Titre original : Making history
Traduction (anglais) : Patrick Marcel
Folio SF, 1996, 645 pages
La première phrase :
Elle débute par un rêve.
L’histoire :
Cambridge, dans les années 90. Michael Young se sent libéré : il vient tout juste d’apporter la touche finale à son manuscrit de thèse sur la genèse jeunesse d’Hitler, qu’il s’apprête à soumettre à son superviseur, le redoutable docteur Fraser-Stuart. C’est alors qu’il croise la route de Leo Zuckermann, vieil universitaire obsédé par les camps de concentration nazis, et inventeur d’une machine permettant d’influer sur le déroulement d’événements passés. Ensemble, il vont ourdir un plan machiavélique, qui pourrait bien changer à jamais le cours de l’Histoire…
L’opinion de Miss Léo :
Je voudrai tout d’abord remercier les éditions Folio d’avoir publié ce roman avec une aussi jolie couverture ! En effet, quoi de plus charmant que cet U-Boot gracile et aérien, se frayant un chemin triomphal entre les svastikas suspendues aux deux extrémités du Tower Bridge, lui-même affublé de deux aigles et survolé par un majestueux Zeppelin ? Un superbe travail graphique, et un très bel écrin pour le texte de Stephen Fry, qui ne saurait cependant être réduit au simple univers uchronique suggéré par cette illustration.
[MODE “Râleuse” ON] A propos de couverture, je dois dire que je suis très mécontente du récent changement d’habillage de la collection Folio SF : le gris métallisé était du plus bel effet, et rendait les ouvrages de la collection immédiatement identifiables, tandis que les nouvelles couvertures manquent cruellement de personnalité à mon goût ! [MODE “Râleuse” OFF]

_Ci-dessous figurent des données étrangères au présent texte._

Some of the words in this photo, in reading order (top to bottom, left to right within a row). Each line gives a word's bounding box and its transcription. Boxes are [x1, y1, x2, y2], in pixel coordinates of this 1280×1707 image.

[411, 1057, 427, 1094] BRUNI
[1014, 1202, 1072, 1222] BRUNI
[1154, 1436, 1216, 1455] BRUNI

Revenons à nos moutons. J’ai donc découvert ce roman il y a environ un an et demi chez Adalana, Keisha, Maggie et Cryssilda (entre autres), qui l’ont toutes apprécié. Je me suis évidemment empressée de l’acheter… mais j’ai attendu de longs mois avant de le lire, comme c’est la coutume chez moi (no comment) ! Je connaissais Stephen Fry pour ses talents de comédien, lecteur et humoriste, mais j’ignorais tout de sa carrière d’écrivain. Ce roman est à son image : drôle, généreux, loufoque, intelligent et érudit. Le faiseur d’histoire se trouve ainsi à la croisée de plusieurs genres littéraires, empruntant tantôt aux codes de la comédie de moeurs, tantôt à ceux de l’uchronie, avec quelques détours du côté de la comédie romantique ou du roman d’espionnage.

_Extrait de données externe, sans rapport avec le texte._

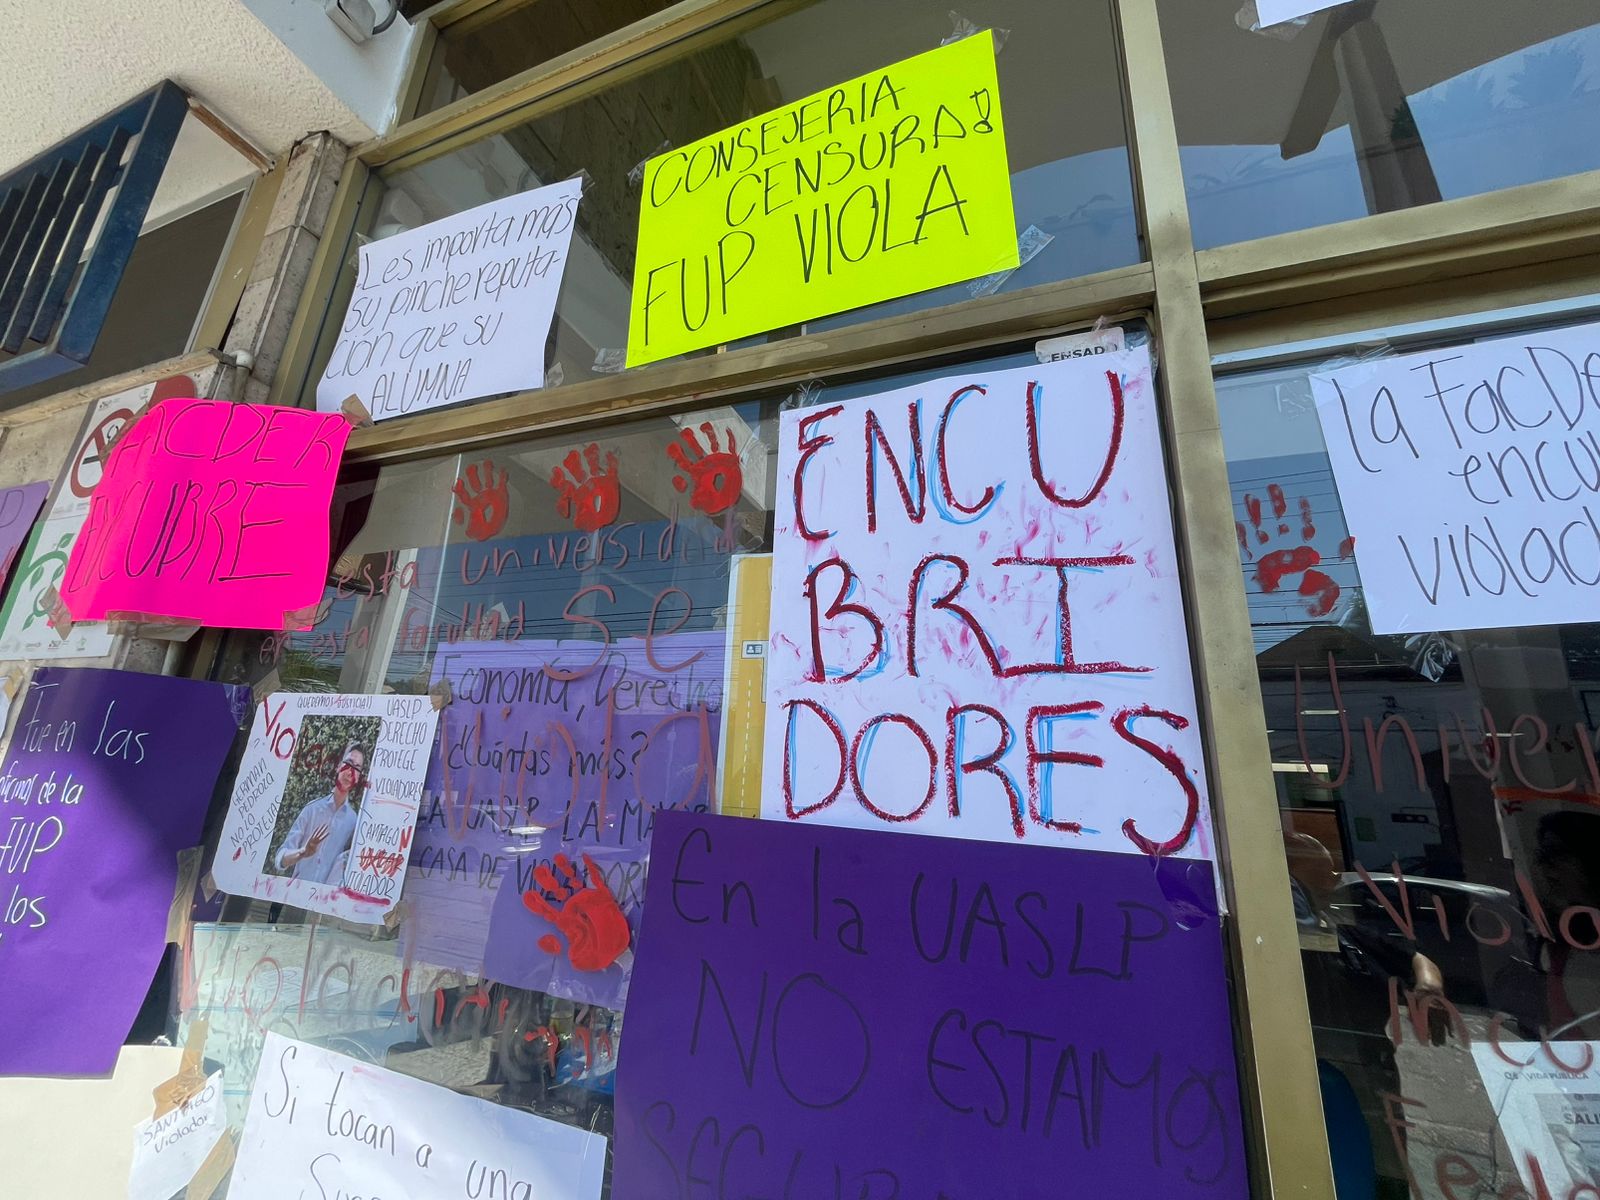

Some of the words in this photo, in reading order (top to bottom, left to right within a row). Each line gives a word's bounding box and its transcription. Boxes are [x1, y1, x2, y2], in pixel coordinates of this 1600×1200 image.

[651, 75, 905, 208] CONSEJERIA
[356, 250, 413, 291] Les
[420, 211, 515, 273] importa
[643, 231, 755, 346] FUP
[794, 165, 968, 283] VIOLA
[344, 296, 382, 333] su
[399, 321, 458, 373] que
[463, 311, 503, 347] su
[1041, 343, 1118, 363] ENSAD
[793, 370, 1127, 540] ENCU
[1331, 378, 1419, 473] la
[336, 550, 420, 602] esta
[802, 553, 1160, 685] BRI
[93, 700, 150, 764] las
[386, 698, 423, 719] UASLP
[60, 773, 84, 805] la
[781, 697, 1199, 856] DORES
[4, 884, 46, 927] los
[672, 828, 759, 927] En
[810, 846, 869, 956] la
[910, 872, 1169, 981] UASLP
[690, 959, 871, 1110] NO
[264, 1045, 298, 1124] Si
[325, 1071, 395, 1156] tocan

Le ton délicieusement absurde et la fraîcheur des personnages m’ont instantanément séduite, bien que la première partie du roman souffre de quelques longueurs (qui pourraient se révéler gênantes pour des lecteurs moins conciliants). L’auteur prend son temps pour installer les bases de l’intrigue, et l’aspect uchronique n’apparaît que tardivement, ce qui ne m’a absolument pas dérangée, dans la mesure où j’ai beaucoup aimé la description moqueuse et décalée du petit monde universitaire très british dans lequel évolue Michael. Cabotin et pantouflard, maladroit et peu à l’aise en société, ce grand enfant immature de vingt-quatre ans achève tout juste la rédaction de son Meisterwerk (sic), une thèse de doctorat intitulée De Braunau à Vienne : Les racines du pouvoir, et traîne ses guêtres le long des allées arborées du campus de Cambridge. Son récit est entrecoupé de courts chapitres “historiques” consacrés à Alois Hitler et Klara Pölzl, futurs parents du petit Adolf ; ces tranches de vie semblent d’abord incongrues, mais finissent par trouver leur place au sein du dispositif narratif installé par le romancier britannique.

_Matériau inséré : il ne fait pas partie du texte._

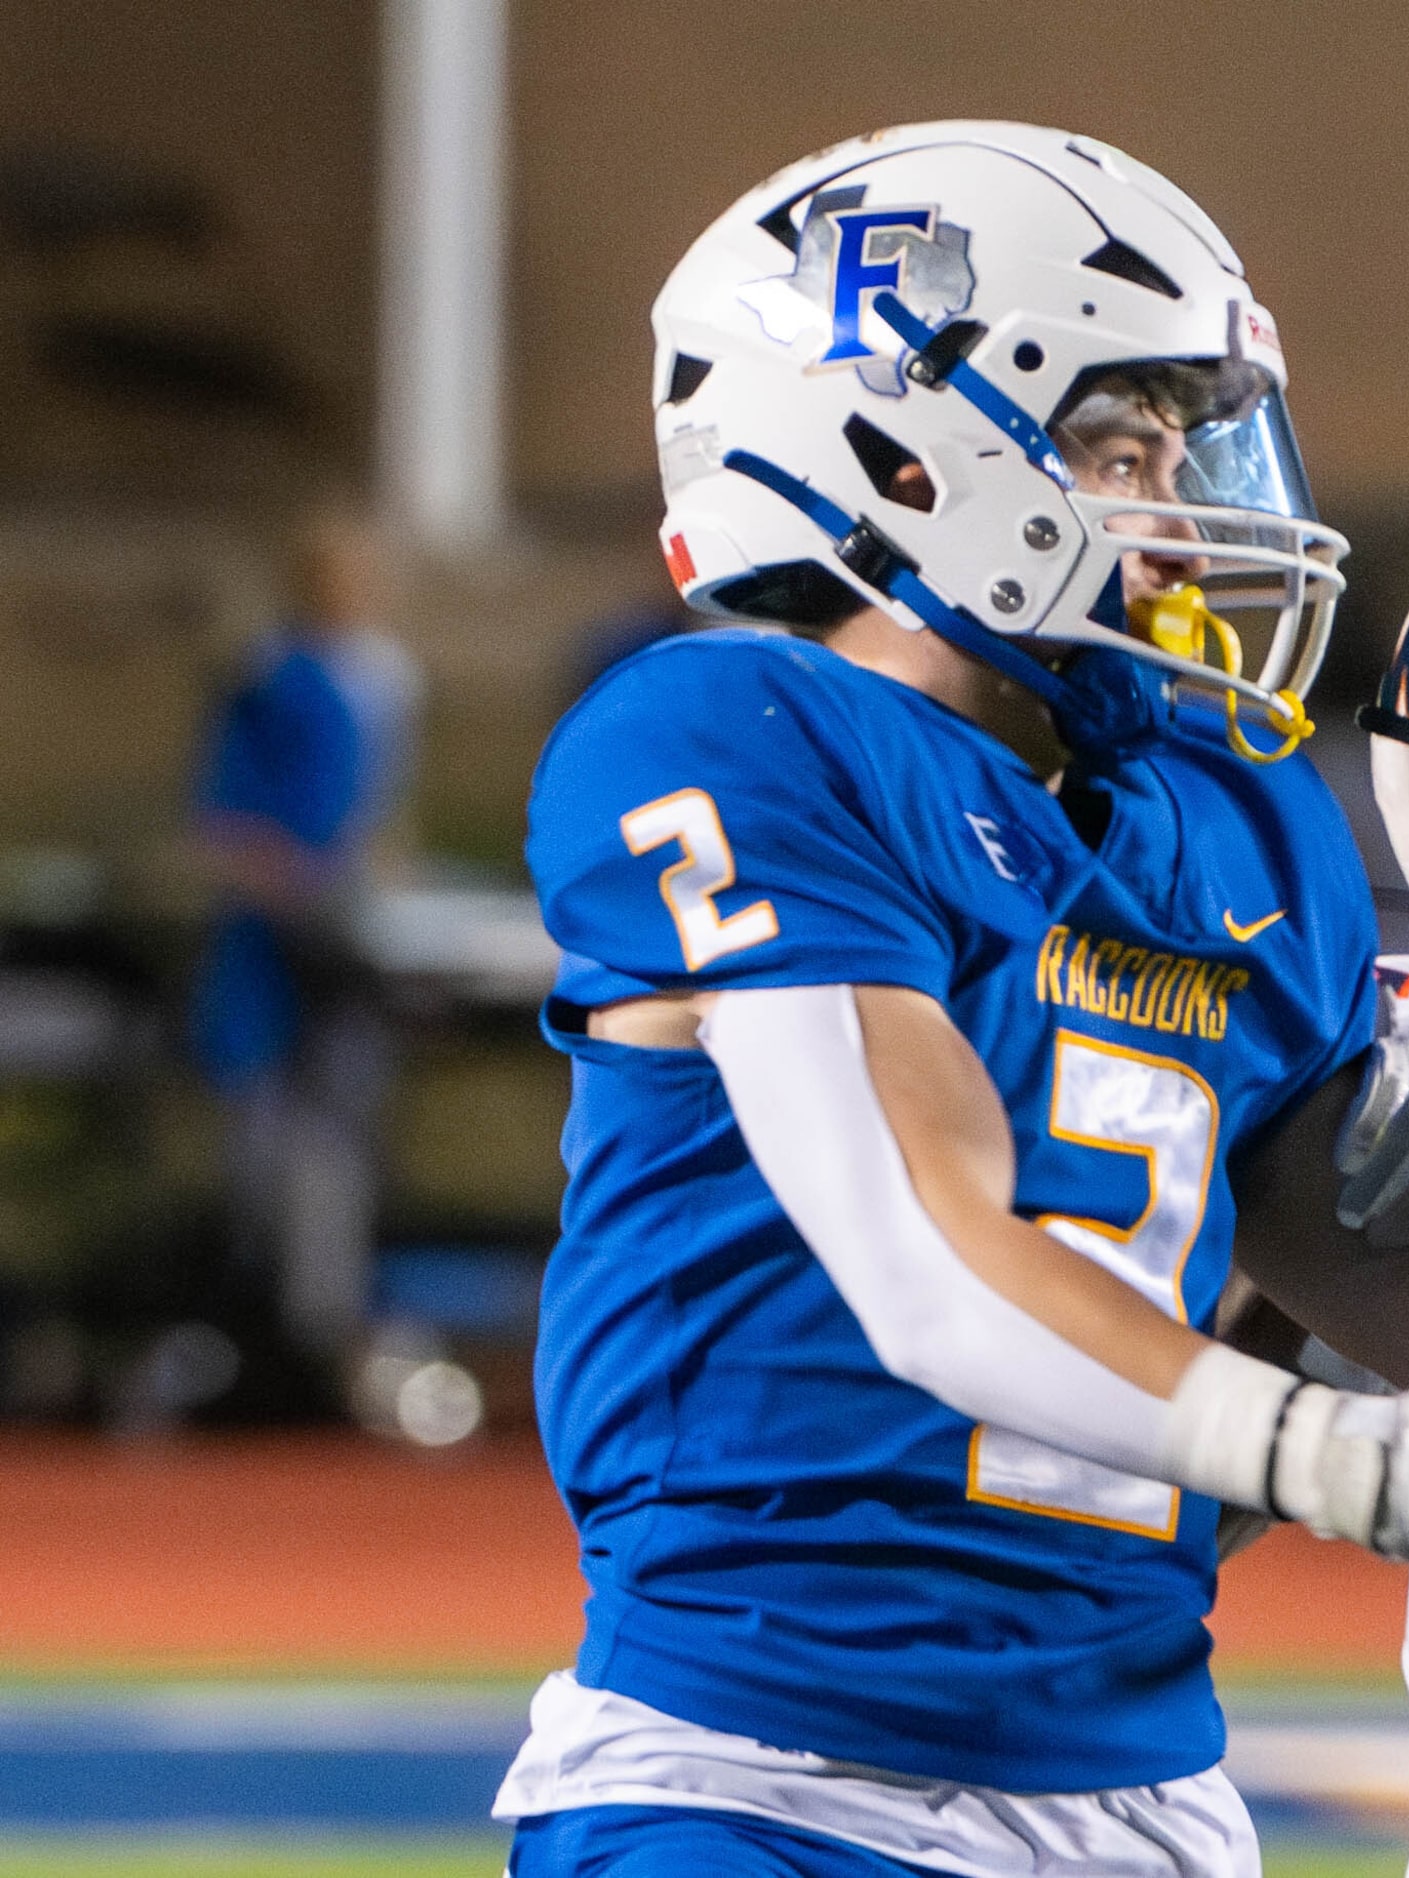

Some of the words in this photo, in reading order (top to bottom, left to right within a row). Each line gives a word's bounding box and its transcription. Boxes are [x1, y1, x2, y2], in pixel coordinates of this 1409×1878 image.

Adolf Hitler, responsable de tous nos maux ? C’est dans la petite ville autrichienne frontalière de Braunau-am-Inn que se joue le destin de l’humanité. Et l’on se prend à rêver : que serait devenu le monde si le Führer n’avait jamais vu le jour ? Le XXème siècle aurait-il été moins tourmenté ? La paix se serait-elle installée durablement en Europe ? Les Juifs auraient-ils été sauvés ? Quid des progrès scientifiques liés aux recherches menées pendant la Deuxième Guerre Mondiale ?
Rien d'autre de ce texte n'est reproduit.